> Exercise:
Copy each line below as it stands, but skip any picture it contains.

════

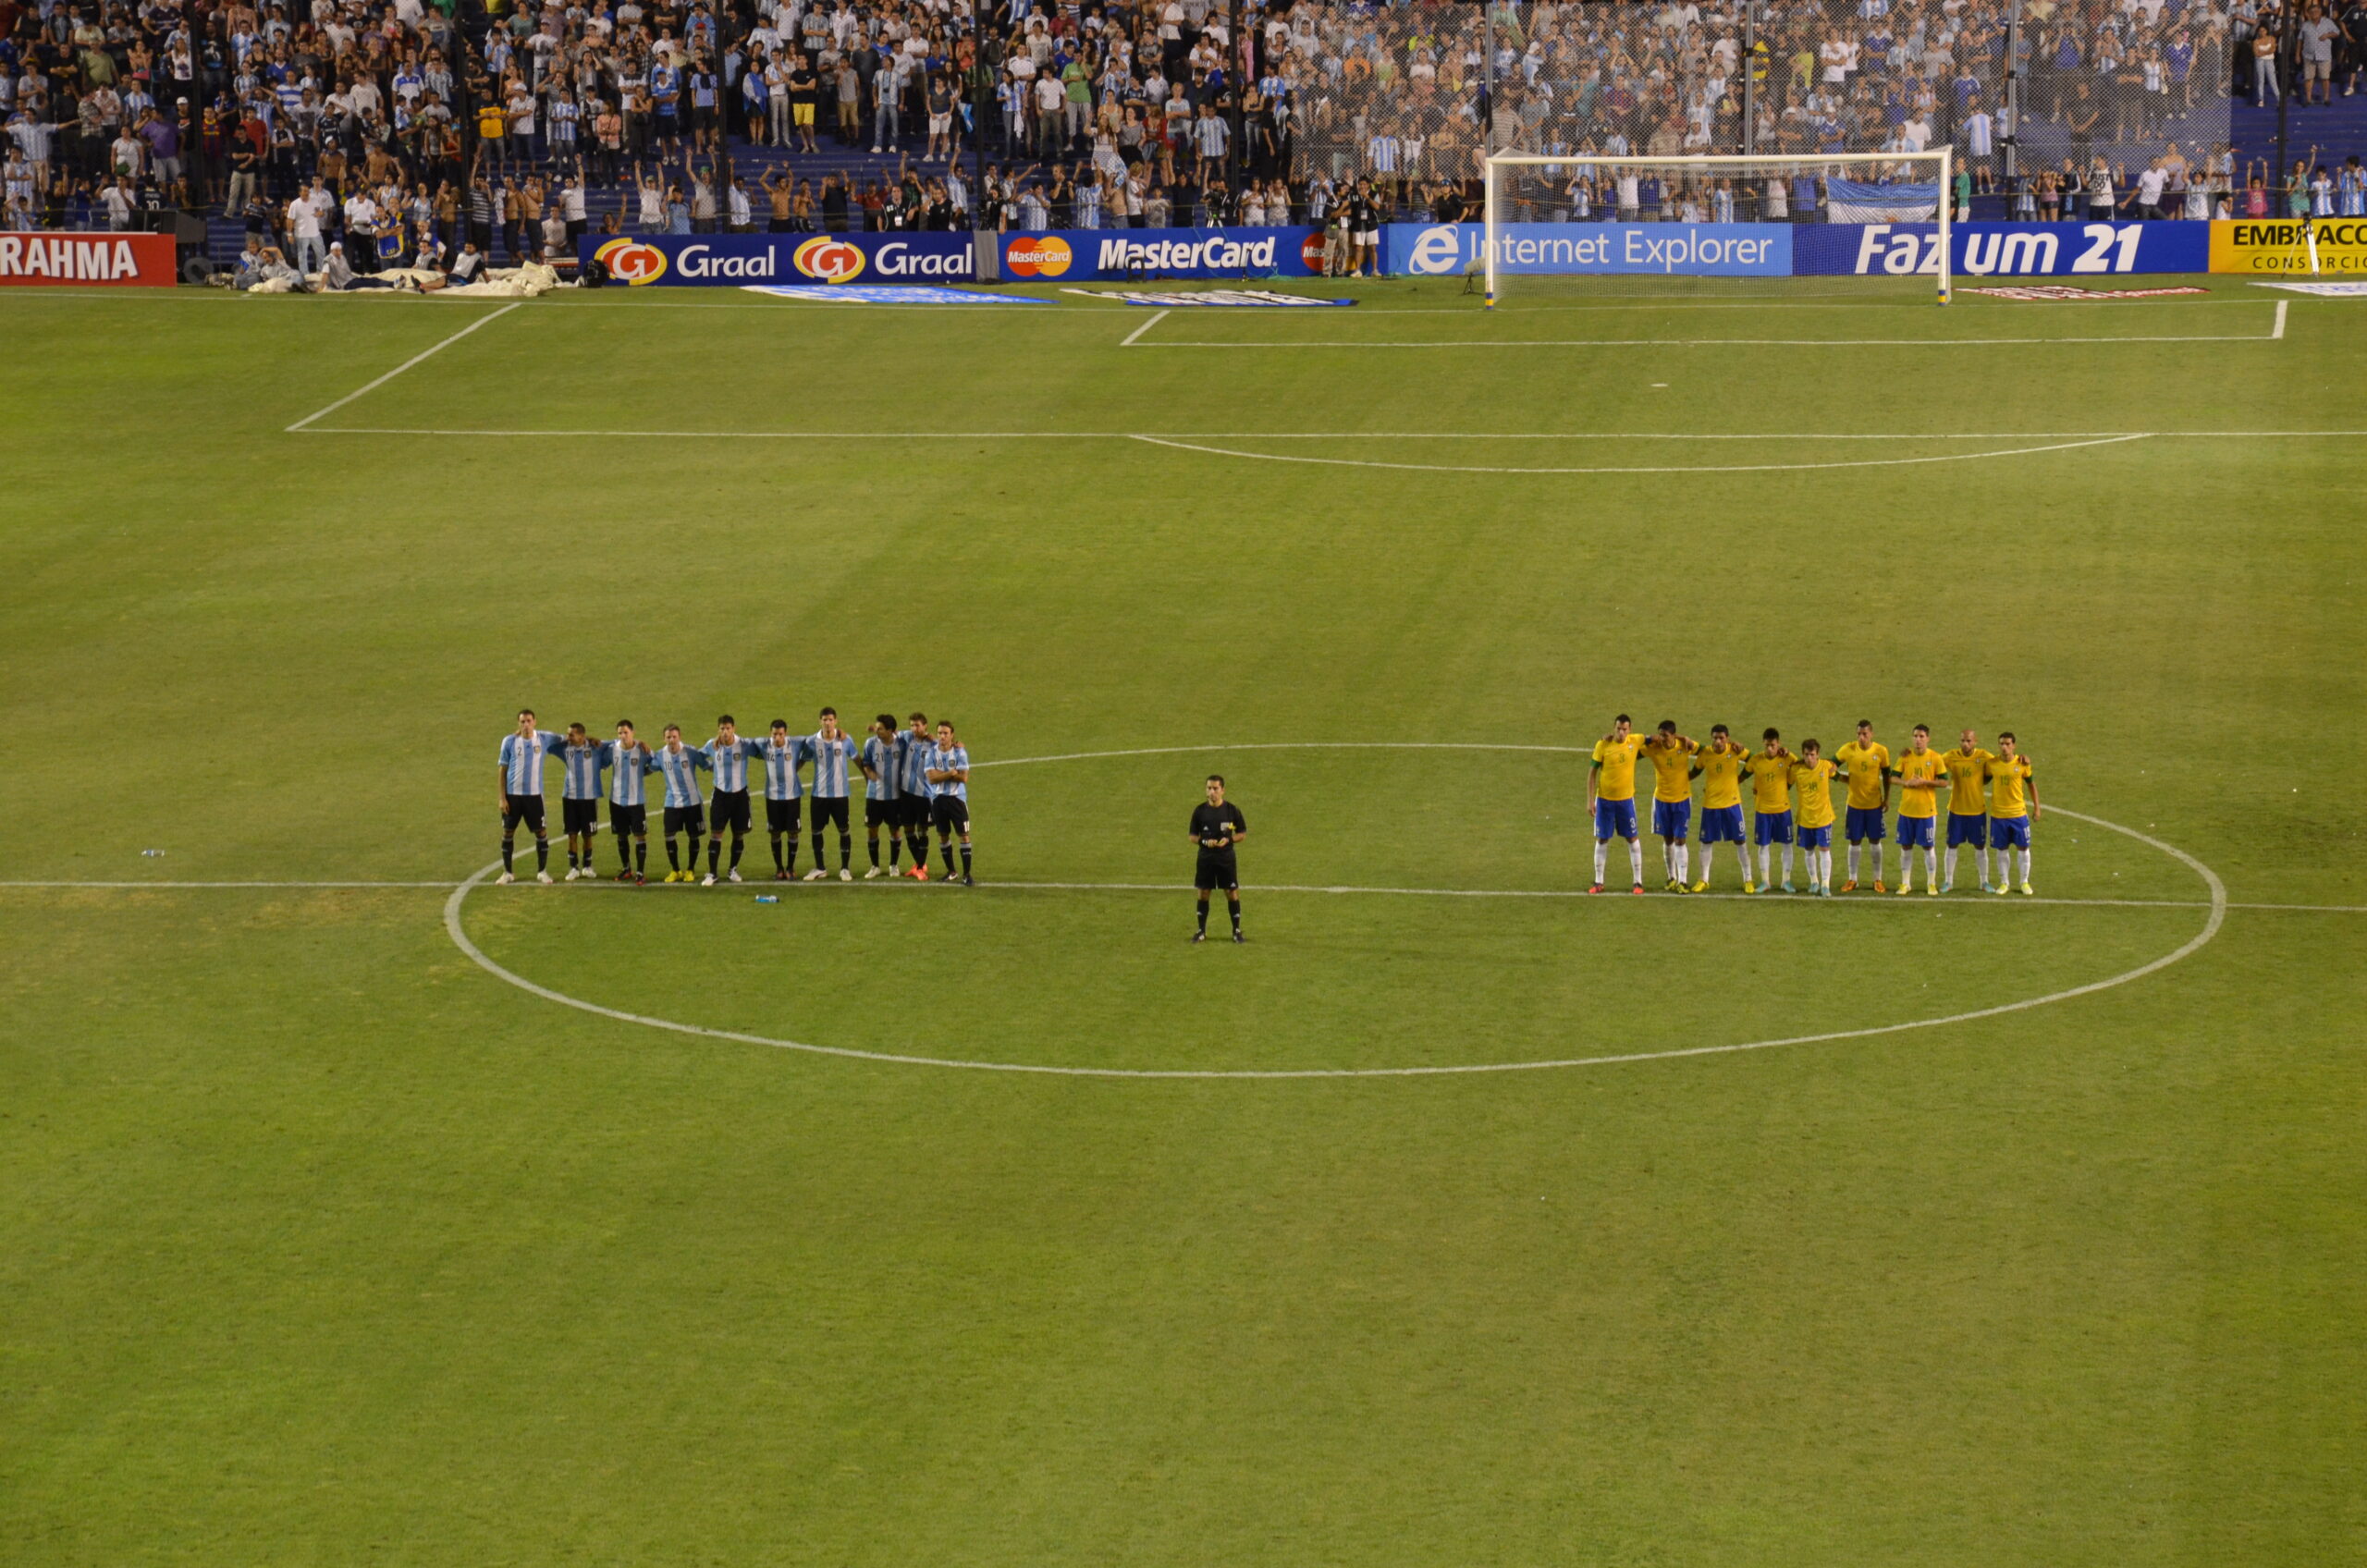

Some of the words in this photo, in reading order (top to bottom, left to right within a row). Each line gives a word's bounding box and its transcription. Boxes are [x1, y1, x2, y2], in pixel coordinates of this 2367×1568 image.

[146, 200, 160, 212] 10
[1098, 237, 1276, 270] MasterCard
[1471, 231, 1610, 264] Internet
[1625, 228, 1773, 274] Explorer
[1855, 225, 1953, 275] Faz
[1964, 232, 2059, 274] um
[2072, 224, 2143, 273] 21
[0, 236, 138, 280] RAHMA
[677, 245, 775, 277] Graal
[876, 242, 974, 276] Graal
[1008, 251, 1071, 263] MasterCard
[517, 746, 522, 756] 2
[876, 753, 884, 762] 21
[665, 761, 673, 771] 10
[1630, 817, 1636, 829] 3
[1926, 828, 1935, 839] 10

════

> Task output:
Some of the words in this photo, in reading order (top to bottom, left to right within a row). Each line gives a word's bounding box and its transcription. Boxes are [x1, y1, x2, y2], in pixel coordinates of this 2367×1568 image.

[146, 200, 160, 212] 10
[1098, 237, 1276, 270] MasterCard
[1471, 231, 1610, 264] Internet
[1625, 228, 1773, 274] Explorer
[1855, 225, 1953, 275] Faz
[1964, 232, 2059, 274] um
[2072, 224, 2143, 273] 21
[0, 236, 138, 280] RAHMA
[677, 245, 775, 277] Graal
[876, 242, 974, 276] Graal
[1008, 251, 1071, 263] MasterCard
[517, 746, 522, 756] 2
[876, 753, 884, 762] 21
[665, 761, 673, 771] 10
[1630, 817, 1636, 829] 3
[1926, 828, 1935, 839] 10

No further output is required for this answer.